After a weekend (and Monday) of taking care of other people’s problems, I tried to hit the ground running on Tuesday. I hit the ground alright – straight into an inconveniently-located telephone pole, and fell, staring up at the stars, wondering why I had only written four hundred-odd words.
NaNo organizers claim that Week Two is the hardest by far, where you hit the middle of your manuscript and start figuring out where you went wrong. They also claim that doing NaNo correctly means saying no to all those pesky social demands that haunt you the rest of the year. Well, first, social demands don’t stop just because you get serious about your writing – I did say no to social stuff Monday night and managed to write (and lose) 1100 words.
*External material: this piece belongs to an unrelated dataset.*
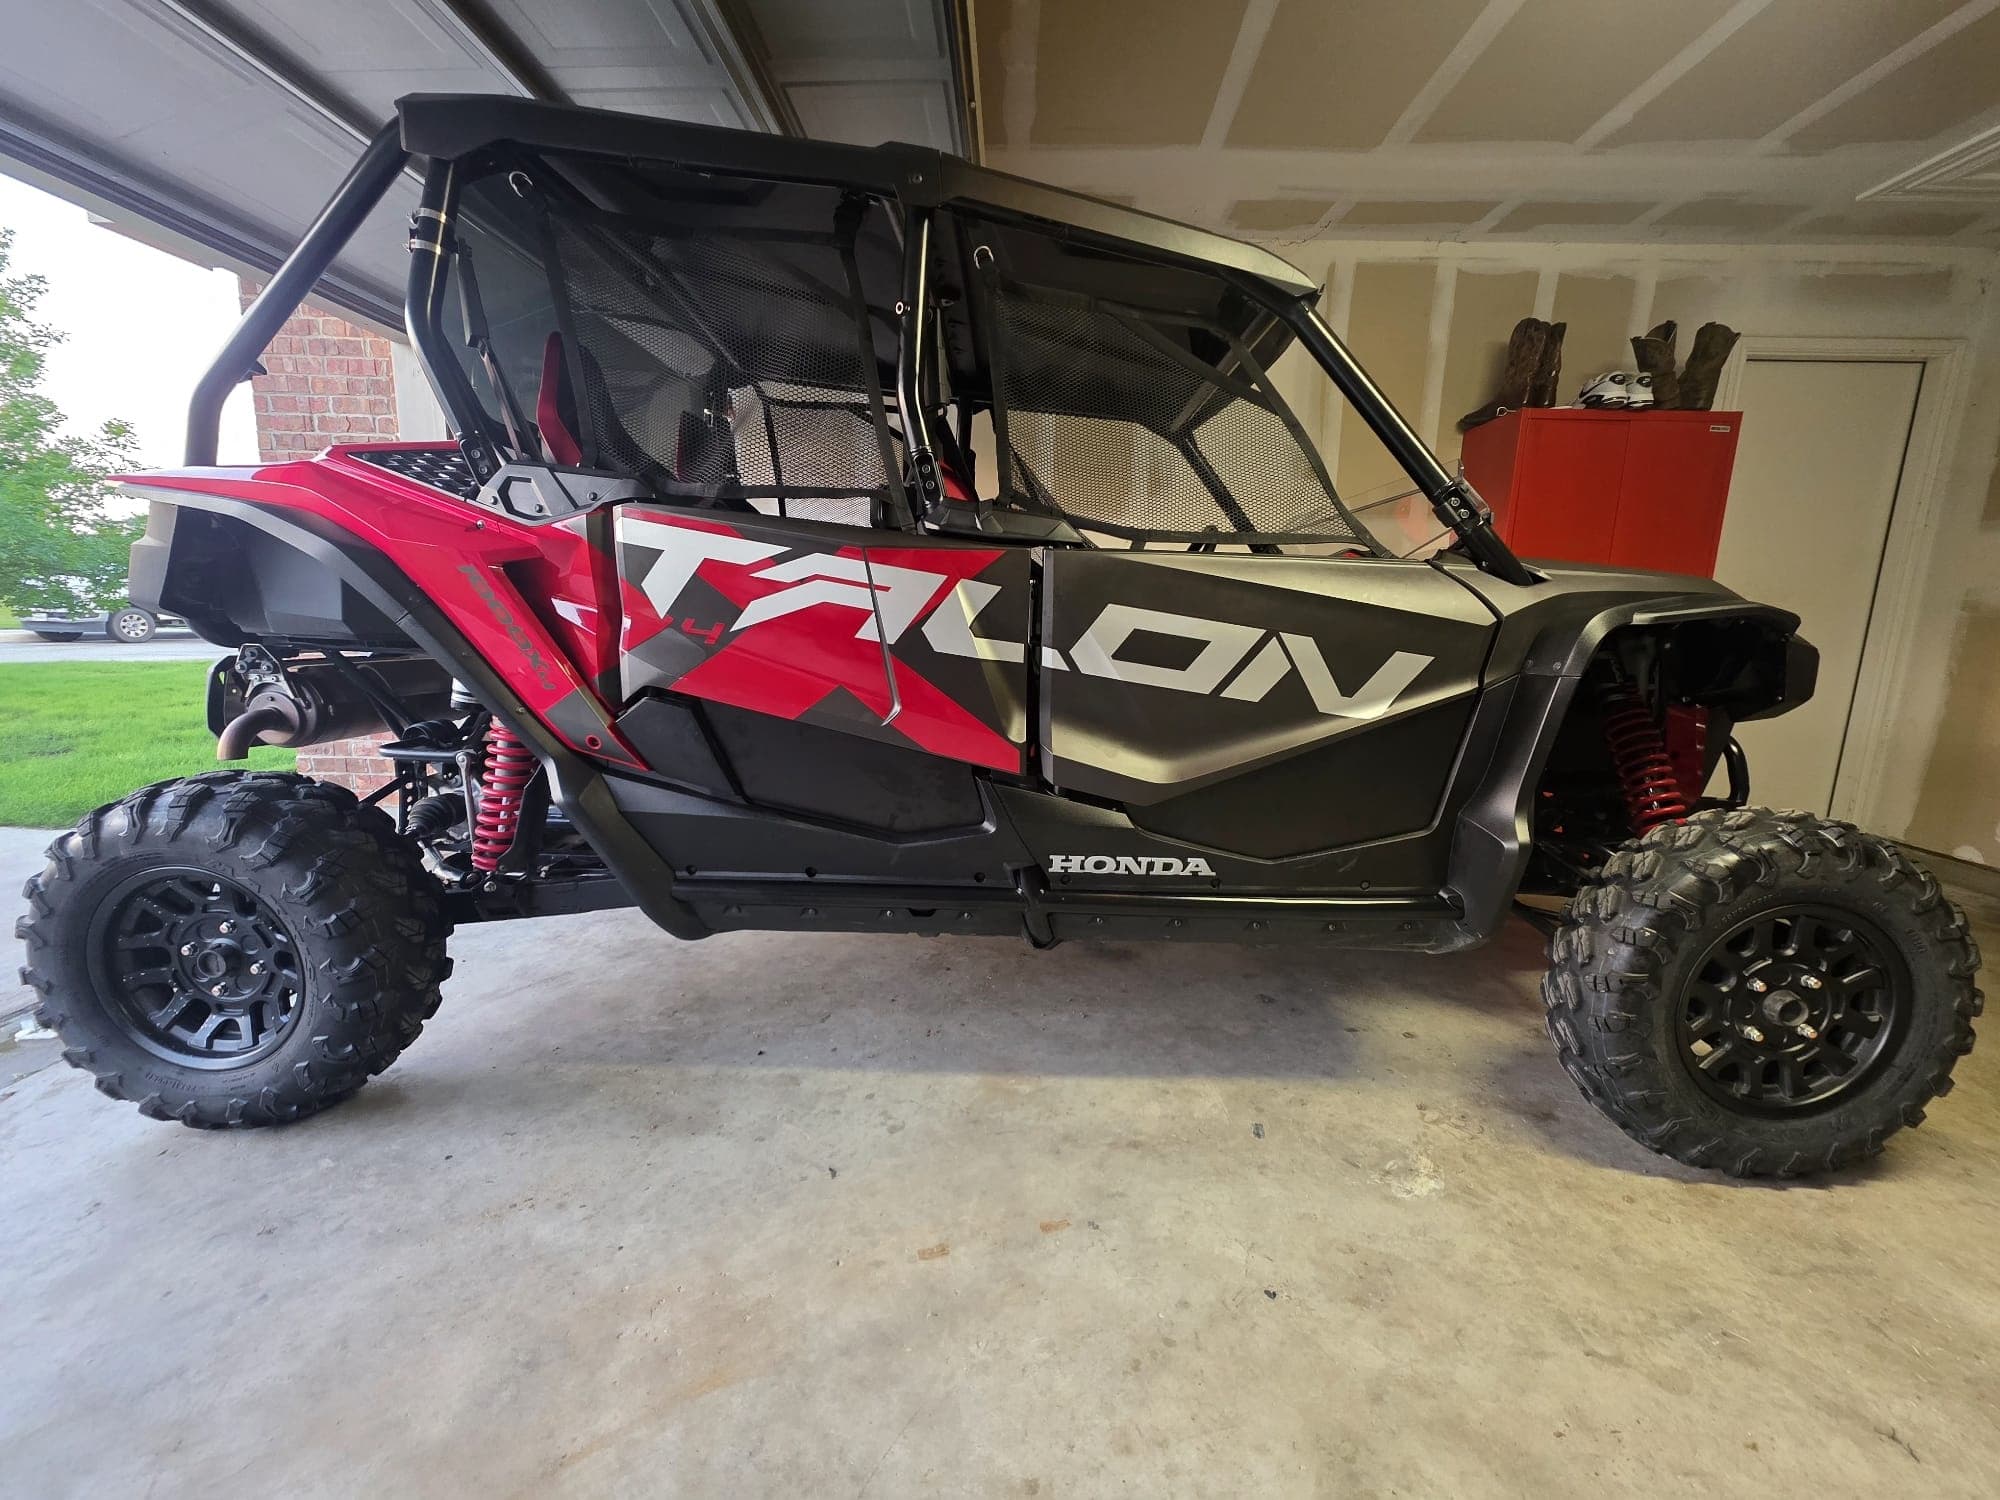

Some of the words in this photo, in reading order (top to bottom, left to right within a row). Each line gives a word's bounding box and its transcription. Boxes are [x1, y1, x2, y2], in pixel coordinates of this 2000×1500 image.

[616, 517, 1435, 720] TALON
[681, 617, 726, 645] 4
[1048, 854, 1217, 876] HONDA
Yes, I do mean lose. The computer cut off for no reason and I couldn’t manage to recover the document. Grrr. The rest of the time, I’ve had to deal with other people’s crises in the hopes that one day when I have a crisis someone will show up for me. So I show up, I bring food, I drive to the doctors’, and occasionally I grumble in the hopes all of this will go away. It doesn’t.
But just because life gets full doesn’t mean you get to shortchange things that are important to you – and NaNo, and specifically my neglected Momentum project, is important to me. So, rather than whining about a difficult day, I got up yesterday and told myself I was going to write 3000 words. At times during my writing hours I felt I was rolling a wet ball of rubber cement up a steep grassy hill – the kind of situation where you want to leave more than anything. But I stuck to it. And I wrote 3400 words. (Yay me!) Today I hit the keyboard again, holding the whip over myself, and wrote 2902 – more than close enough.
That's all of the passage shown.